The Edinburgh International Festival celebrates the music of Ayrshire-born James MacMillan and his long-held relationship with the International Festival in a series of special performances across the Festival City in his 60th birthday year (10-17 August). Spanning his religious, orchestral, solo and major symphonic works and including the world premiere of his fifth symphony, the International Festival’s MacMillan focus will feature all three of Scotland’s national orchestras, the National Youth Choir of Scotland, and The Sixteen in its 40th anniversary season.

The Edinburgh International Festival has a long history of performing and commissioning MacMillan’s music – he was a featured composer at the 1993 International Festival, his first opera Inés de Castro was premiered in 1996, and his Since it was the day of preparation… was unveiled in 2012, among many other performances. In this special series to celebrate his 60th birthday, the International Festival brings together first performances – a major world premiere, as well as Scottish premieres – and performers, many of whom are long-time collaborators of MacMillan’s, in a celebration of the full range of his output, culminating in the world premiere of his major new choral symphony – Symphony No. 5: 'Le grand Inconnu' – a meditation on the mystery of the Holy Spirit.

Performances include:

  • Edward Gardner leads The King’s Singers, Edinburgh Festival Chorus, RSNO Junior Chorus and the Royal Scottish National Orchestra in the premiere of a new version of MacMillan’s Quickening (10 August). The composer has adapted the work to include the six solo voices of The King’s Singers and has incorporated a movement from A Rumoured Seed written for the group. This 2018 version is available as an alternative to the original 1998 version composed to include the four solo voices of The Hilliard Ensemble. Quickening sets poetry by Michael Symmons Roberts exploring themes of birth and renewal.

  • At Greyfriars Kirk, the young performers of the National Youth Choir of Scotland are joined by tenor Gwilym Bowen, Whitburn Brass Band, Quatuor Mona Quartet and others to perform MacMillan’s oratorio, All the Hills and Vales Along (16 August). Setting texts by Scottish war poet Charles Hamilton Sorley, the piece was commissioned to mark the Armistice Centenary in 2018. The concert also includes The Culham Motets for unaccompanied choir composed by MacMillan in 2015.
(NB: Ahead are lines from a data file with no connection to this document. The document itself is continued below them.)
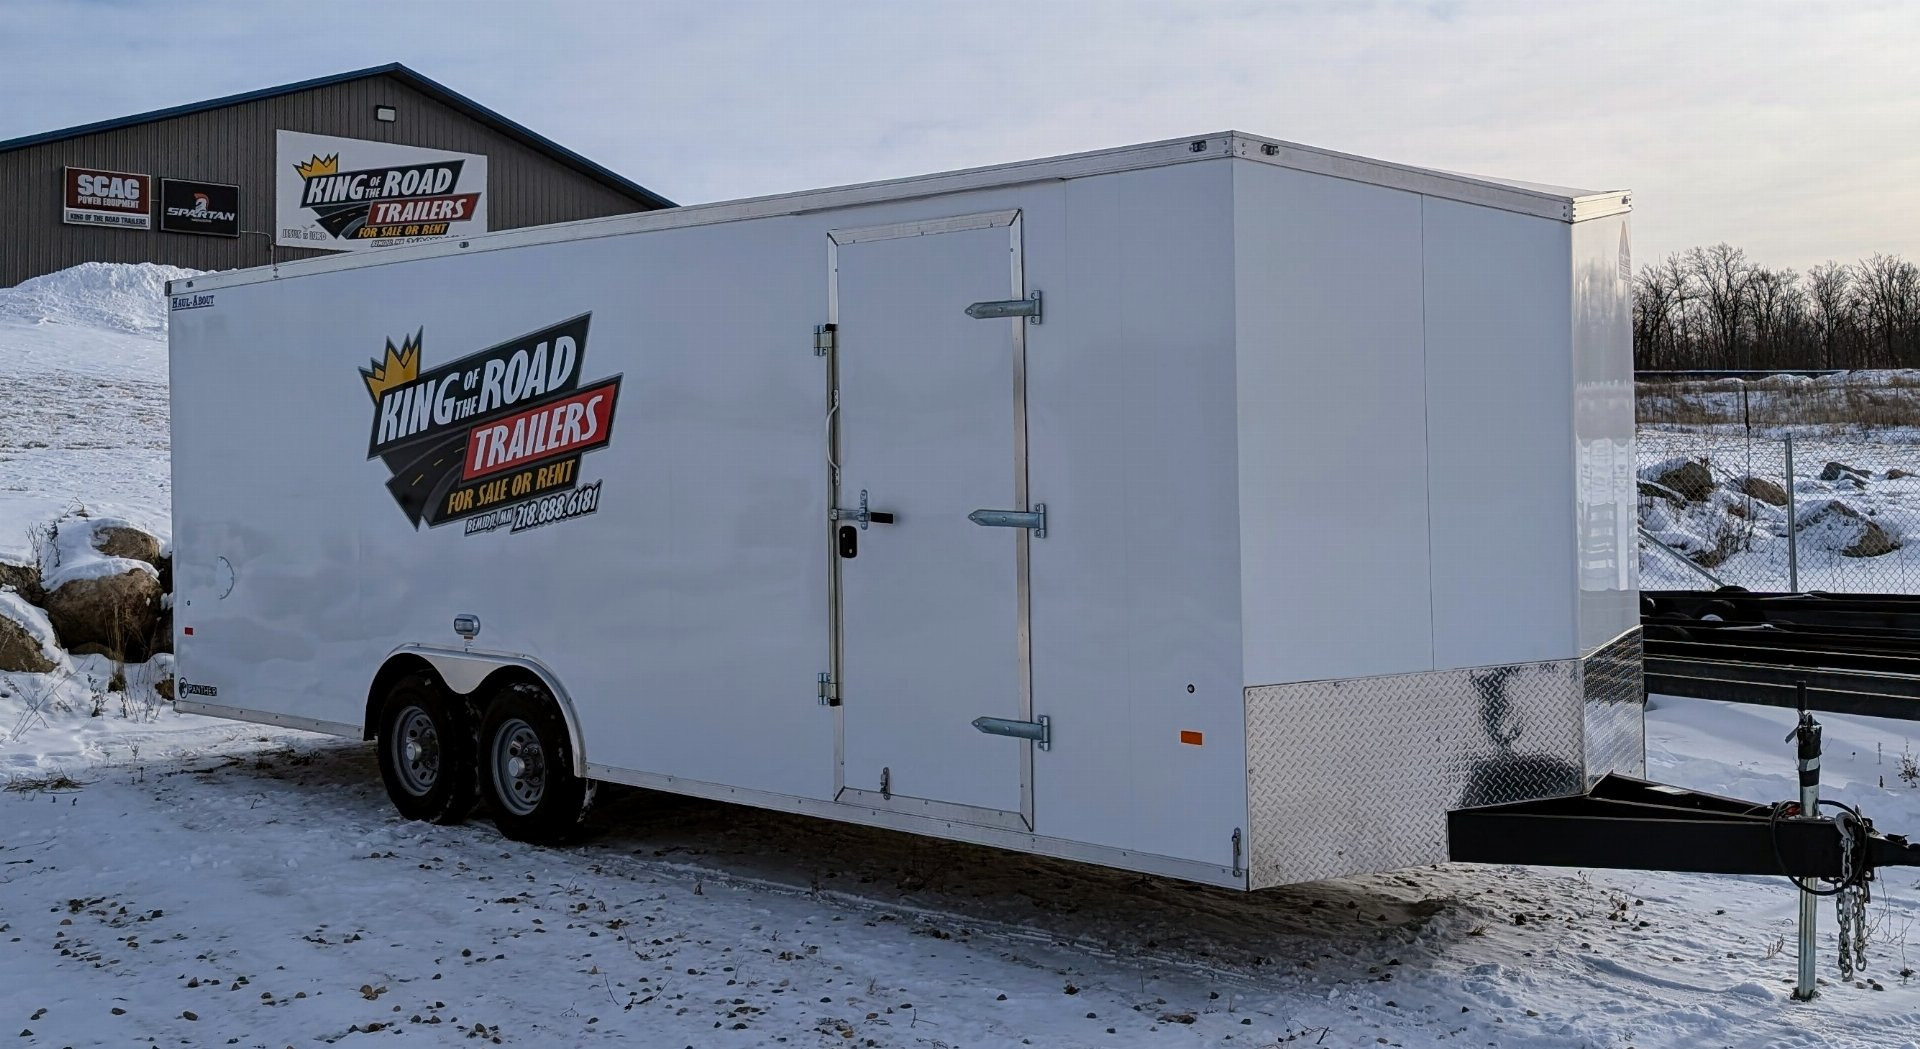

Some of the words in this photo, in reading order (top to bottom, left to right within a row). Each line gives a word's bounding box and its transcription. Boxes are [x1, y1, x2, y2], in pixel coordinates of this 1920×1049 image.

[77, 174, 140, 200] SCAG
[306, 174, 368, 204] KING
[365, 187, 380, 199] THE
[370, 175, 381, 187] OF
[381, 167, 453, 197] ROAD
[77, 195, 102, 206] POWER
[103, 197, 139, 209] EQUIPMENT
[166, 207, 236, 221] SPARTAN
[375, 198, 467, 224] TRAILERS
[70, 213, 84, 221] KING
[94, 214, 103, 222] THE
[105, 215, 120, 223] ROAD
[121, 217, 146, 225] TRAILERS
[358, 226, 377, 239] FOR
[381, 225, 403, 237] SALE
[405, 225, 419, 236] OR
[421, 223, 447, 235] RENT
[463, 367, 481, 391] OF
[478, 335, 577, 413] ROAD
[377, 372, 461, 446] KING
[455, 396, 478, 420] THE
[473, 395, 603, 471] TRAILERS
[447, 488, 474, 515] FOR
[477, 478, 509, 506] SALE
[511, 471, 533, 496] OR
[536, 459, 576, 490] RENT
[500, 508, 514, 525] MN
[514, 486, 600, 531] 218.888.6181
  • The BBC Scottish Symphony Orchestra and Portuguese conductor Joana Carneiro are joined by organist Stephen Farr to perform the Scottish premiere of MacMillan’s organ concerto, A Scotch Bestiary before exploring the intense drama of MacMillan’s concerto for orchestra Woman of the Apocalypse (17 August).

  • The Scottish Chamber Orchestra, The Sixteen and Genesis Sixteen pair MacMillan’s mid-period Symphony No.2 – a work he wrote for the SCO in 1999 – conducted by the composer himself, with the world premiere of MacMillan’s Symphony No.5: ‘Le grand Inconnu’ (a Genesis Foundation commission for Harry Christophers and The Sixteen) conducted by Harry Christophers (17 August). This concert will be recorded for future broadcast on BBC Radio 3.
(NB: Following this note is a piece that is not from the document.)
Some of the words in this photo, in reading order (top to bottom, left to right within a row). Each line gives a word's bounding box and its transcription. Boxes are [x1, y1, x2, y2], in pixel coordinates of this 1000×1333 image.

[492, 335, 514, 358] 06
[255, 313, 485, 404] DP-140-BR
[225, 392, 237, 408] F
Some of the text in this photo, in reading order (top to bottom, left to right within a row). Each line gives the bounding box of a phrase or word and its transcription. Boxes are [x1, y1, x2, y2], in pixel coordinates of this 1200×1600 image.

  • The Nash Ensemble performs MacMillan’s chamber work Fourteen Little Pictures, a set of 14 separate miniatures stitched together and interwoven to form a single through-composed work, at the Queen’s Hall (17 August).
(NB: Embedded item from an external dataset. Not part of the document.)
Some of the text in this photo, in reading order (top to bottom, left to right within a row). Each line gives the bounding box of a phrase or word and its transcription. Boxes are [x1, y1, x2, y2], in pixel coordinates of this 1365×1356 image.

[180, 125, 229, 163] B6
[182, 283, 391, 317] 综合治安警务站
James MacMillan comments on his professional and personal connection with the Edinburgh International Festival: “I feel very proud that a focus on my music is taking place in my home country and at a festival which I’ve loved since I was a teenager. As a composer I have had a long history with the Edinburgh International Festival stretching back to the early 1990s. The festival premiered my first opera Inés de Castro in 1996 and I’m delighted that my latest work, my fifth symphony, will be unveiled in Edinburgh this summer alongside other performances of my work. I also feel a particularly personal connection with the festival having been in the audience at many of its concerts since my student days and over the years it has always had that special air of excitement about it. I have an ideal listener in my mind when I write a new work – a listener who is as curious about music as I am. The Edinburgh International Festival audience embraces that same curiosity and I look forward to experiencing the festival’s performances of my music – both new and older works – with them in August.”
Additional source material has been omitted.